• Task prompt: All entries below must be retyped exactly, though pictures are to be skipped.

Recorded data:
========================

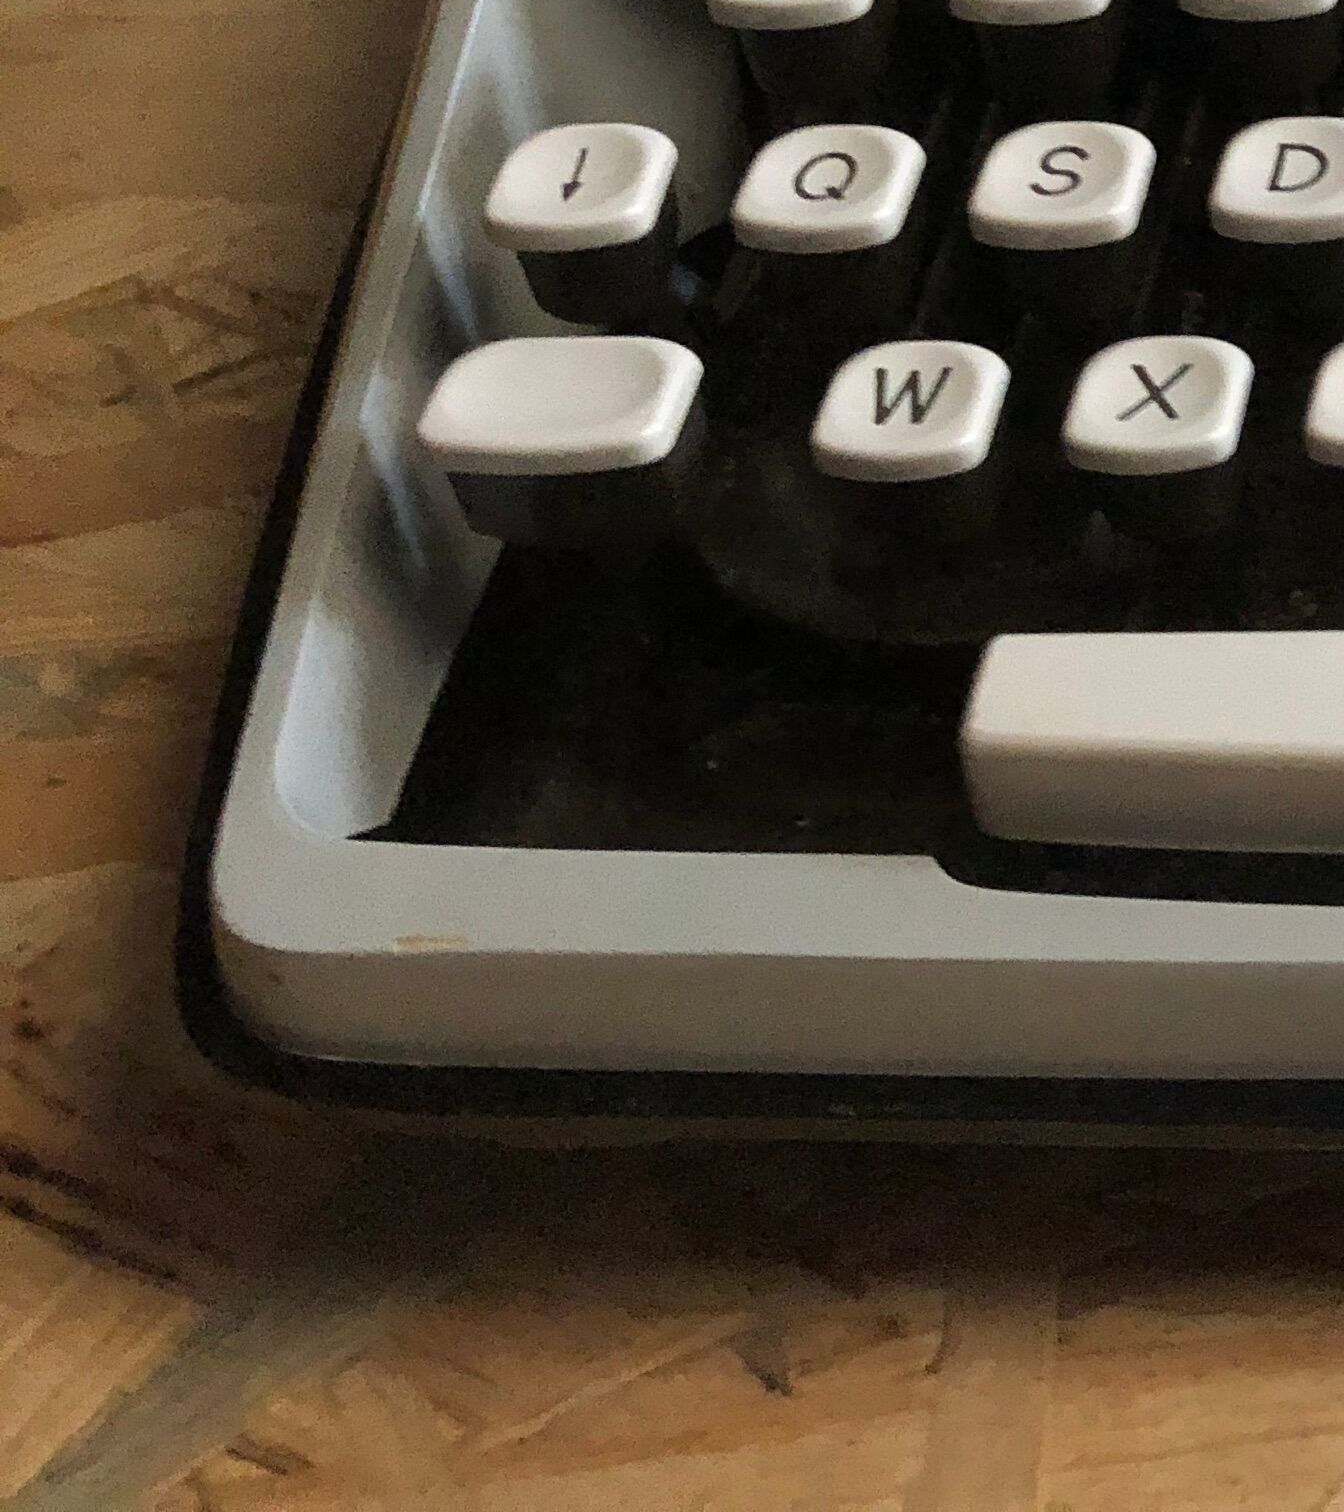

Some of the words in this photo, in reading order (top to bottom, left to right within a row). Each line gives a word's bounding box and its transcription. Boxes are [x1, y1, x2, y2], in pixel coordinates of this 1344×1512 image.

[793, 151, 858, 201] Q
[1028, 145, 1090, 197] S
[1266, 142, 1329, 193] D
[873, 366, 953, 426] W
[1117, 363, 1192, 421] X
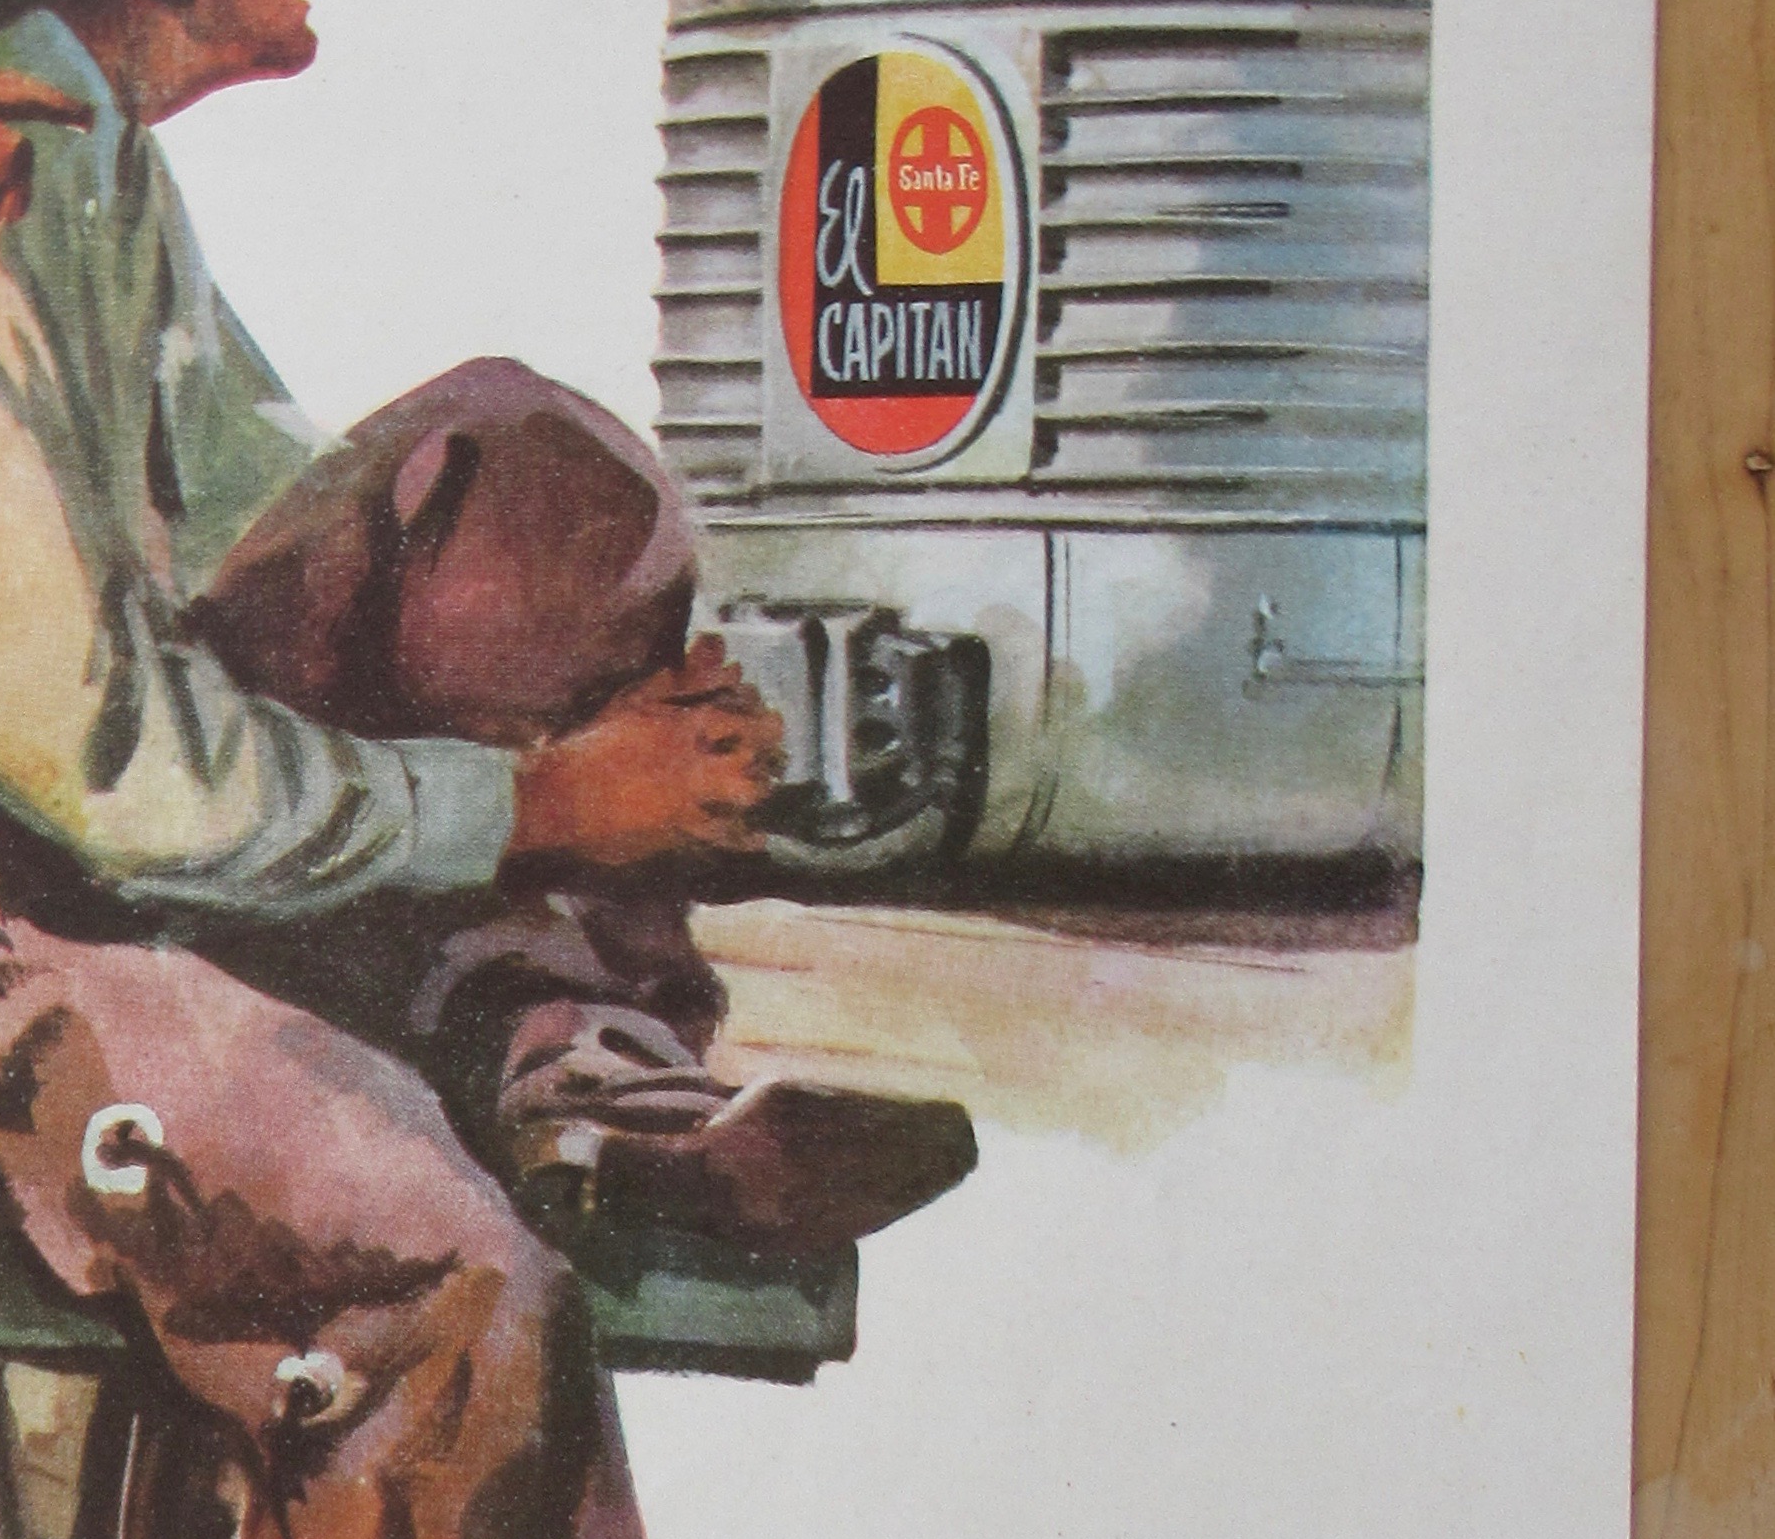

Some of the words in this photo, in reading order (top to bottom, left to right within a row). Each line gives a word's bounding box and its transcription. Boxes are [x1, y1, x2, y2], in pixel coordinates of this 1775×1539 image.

[899, 164, 954, 192] Santa
[958, 162, 981, 191] Fe
[815, 159, 874, 296] El
[818, 299, 982, 382] CAPITAN

========================

• Result:
Some of the words in this photo, in reading order (top to bottom, left to right within a row). Each line gives a word's bounding box and its transcription. Boxes are [x1, y1, x2, y2], in pixel coordinates of this 1344×1512 image.

[793, 151, 858, 201] Q
[1028, 145, 1090, 197] S
[1266, 142, 1329, 193] D
[873, 366, 953, 426] W
[1117, 363, 1192, 421] X

Some of the words in this photo, in reading order (top to bottom, left to right within a row). Each line gives a word's bounding box and its transcription. Boxes are [x1, y1, x2, y2], in pixel coordinates of this 1775×1539 image.

[899, 164, 954, 192] Santa
[958, 162, 981, 191] Fe
[815, 159, 874, 296] El
[818, 299, 982, 382] CAPITAN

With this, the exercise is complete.